When I look back at how we used to operate compared to now, the evolution is mind-blowing. If I had to pick the three biggest shifts that changed everything, they all come down to technology, visibility, and security.
1. From Cord Boards to Cell Phones: The Dying Dial Tone
When we first bought the motel, our front desk looked like something out of an old movie—we actually operated a physical cord-board switchboard with just five phone lines. Not long after, we decided to modernize and upgraded to a Mitel Super Switch system. Back then, cutting-edge tech came with a staggering price tag. We had to lease the system for about $2,000 a month. Once you tacked on AT&T’s hefty line charges, we were burning through nearly $3,000 every single month just to keep the phones ringing.
Within a decade, the tech landscape shifted. Phone systems plummeted in value; our next system only cost a couple hundred bucks a month, though the monthly service fee still bit us at around $1,000. Today? We spend a grand total of about $150 a year on phone service. And honestly? We barely even need them anymore. Every guest walks through the door with a smartphone glued to their hand.
2. The Death of the Highway Billboard
In the early days, if you wanted drivers to know you existed, you had to catch their eye on the asphalt. We used to pour money into three massive billboards along the interstate, costing us a cool $3,000 a month to maintain our roadside presence.

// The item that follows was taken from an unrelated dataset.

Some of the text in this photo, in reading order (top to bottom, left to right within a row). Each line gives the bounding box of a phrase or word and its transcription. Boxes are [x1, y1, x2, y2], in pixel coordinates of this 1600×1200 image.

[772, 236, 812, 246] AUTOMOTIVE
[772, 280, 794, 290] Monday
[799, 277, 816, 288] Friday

Fast forward to today, and our highway sign count is exactly zero. The physical billboard has been entirely replaced by the digital landscape. Now, our "billboard" is just our internet presence, costing us a mere $200 a year for web hosting. Instead of looking out the windshield for a place to sleep, travelers are looking down at their screens—and finding us just as easily.
3. Trading Heavy Iron Keys for Digital Codes
The final major game-changer came about a decade ago when we finally retired our physical room keys and upgraded to digital door locks.
In the old days, managing keys was a constant logistical headache. Today, we can instantly wipe and reprogram lock codes the second a guest checks out. It has been a massive time-saver for our staff and provides a level of guest security we could have only dreamed of 46 years ago.
The neon lights might still look the same from the road, but behind the scenes, running a motel has transformed from a heavy, expensive analog grind into a sleek, streamlined digital operation. I can't help but wonder what the next 46 years will bring.